O cônego, que não o via desde o seminário, achava-o mais forte, mais viril.
— Você era enfezadito...
— Foi o ar da serra, dizia o pároco, fez-me bem! — Contou então a sua triste existência em Feirão, na alta Beira, durante a aspereza do Inverno, só com pastores. O cônego deitava-lhe o vinho de alto, fazendo-o espumar.
— Pois é beber-lhe, homem! é beber-lhe! Desta gota não pilhava você no seminário.
Falaram do seminário.
— Que será feito do Rabicho, o despenseiro? disse o cônego.
— E do Carocho, que roubava as batatas?
Riram; e bebendo, na alegria das reminiscências, recordavam as histórias de então, o catarro do reitor, e o mestre do cantochão que deixara um dia cair do bolso as poesias obscenas de Bocage.

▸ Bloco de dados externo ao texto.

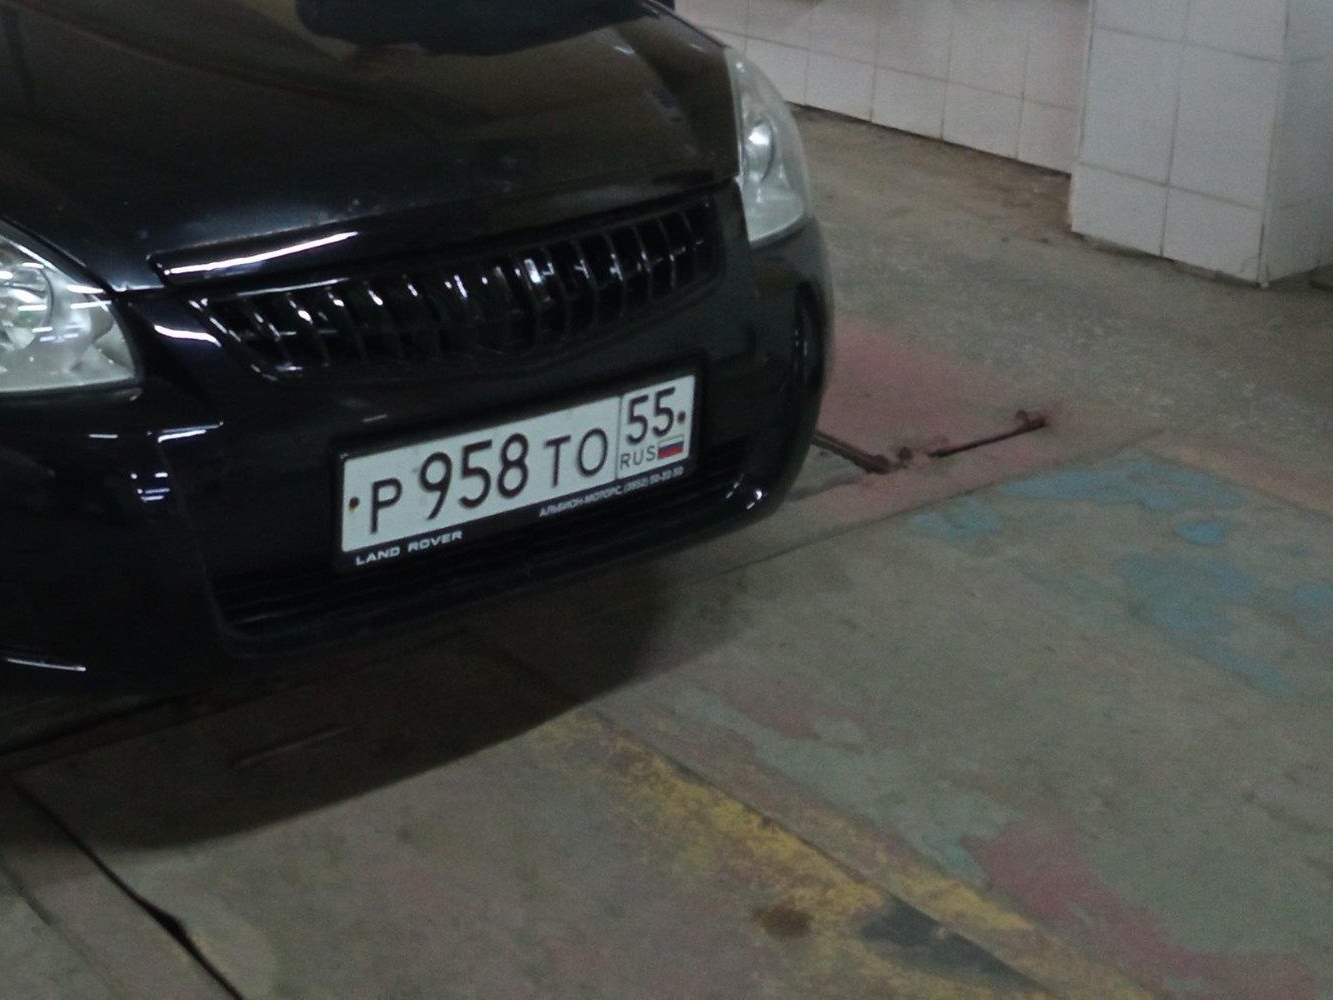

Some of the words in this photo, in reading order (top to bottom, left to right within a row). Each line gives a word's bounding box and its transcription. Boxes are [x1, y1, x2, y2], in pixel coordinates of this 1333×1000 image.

— Como o tempo passa, como o tempo passa! diziam.
A S. Joaneira então pôs na mesa um prato covo com maçãs assadas.
— Viva! Não, lá nisso também eu entro! exclamou logo o cônego. A bela maçã assada! nunca me escapa! Grande dona de casa, meu amigo, rica dona de casa, cá a nossa S. Joaneira ! Grande dona de casa!
Ela ria; viam-se os seus dois dentes de diante, grandes e chumbados. Foi buscar uma garrafa de vinho do Porto; pôs no prato do cônego, com requintes devotos, uma maçã desfeita, polvilhada de açúcar; e batendo-lhe nas costas com a mão papuda e mole:
— Isto é um santo, senhor pároco, isto é um santo! Ai! devo -lhe muitos favores!
— Deixe falar, deixe falar, dizia o cônego. — Espalhava-se-lhe no rosto um contentamento baboso. — Boa gota! acrescentou, saboreando o seu cálice de Porto. Boa gota!
— Olhe que ainda é dos anos da Amélia, senhor cônego.
— E onde está ela, a pequena?
— Foi ao Morenal com a D. Maria. Aquilo naturalmente foram para casa das Gansosos passar a noite.
— Cá esta senhora é proprietária, explicou o cônego, falando do Morenal. É um condado! — Ria com bonomia, e os seus olhos luzidios percorriam ternamente a corpulência da S. Joaneira.
— Ah, senhor pároco, deixe falar, é uma nesga de terra... disse ela.
Mas vendo a criada encostada à parede, sacudida com aflições de tosse:
— Ó mulher, vai tossir lá para dentro! credo !
A moça saiu, pondo o avental sobre a boca.
— Parece doente, coitada, observou o pároco.
Muito achacada, muito!... A pobre de Cristo era sua afilhada, órfã, e estava quase tísica. Tinha-a tomado por piedade...
— E também porque a criada que cá tinha foi para o hospital, a desavergonhada... Meteu-se aí com um soldado!...
O padre Amaro baixou devagar os olhos — e trincando migalhas, perguntou se havia muitas doenças naquele Verão.
— Colerinas, das frutas verdes, rosnou o cônego. Metem-se pelas melancias, depois tarraçadas de água... E suas febritas...
Falaram então das sezões do campo, dos ares de Leiria.
— Que eu agora, dizia o padre Amaro, ando mais forte. Louvado seja Nosso Senhor Jesus Cristo, tenho saúde, tenho!
— Ai, Nosso Senhor lha conserve, que nem sabe o bem que é! exclamou a S. Joaneira. — Contou imediatamente a grande desgraça que tinha em casa, uma irmã meio idiota entrevada havia dez anos! Ia fazer sessenta anos... No Inverno viera-lhe um catarro, e desde então, coitadinha, definhava, definhava...
— Há bocado, ao fim da tarde, teve ela um ataque de tosse! Pensei que se ia embora. Agora descansou mais...
Continuou a falar "daquela tristeza", depois da sua Ameliazinha, das Gansosos, do antigo chantre, da carestia de tudo — sentada, com o gato no colo, rolando com os dois dedos, monotonamente, bolinhas de pão. O cônego, pesado, cerrava as pálpebras; tudo na sala parecia ir gradualmente adormecendo; a luz do candeeiro esmorecia.
— Pois senhores, disse por fim o cônego mexendo-se, isto são horas!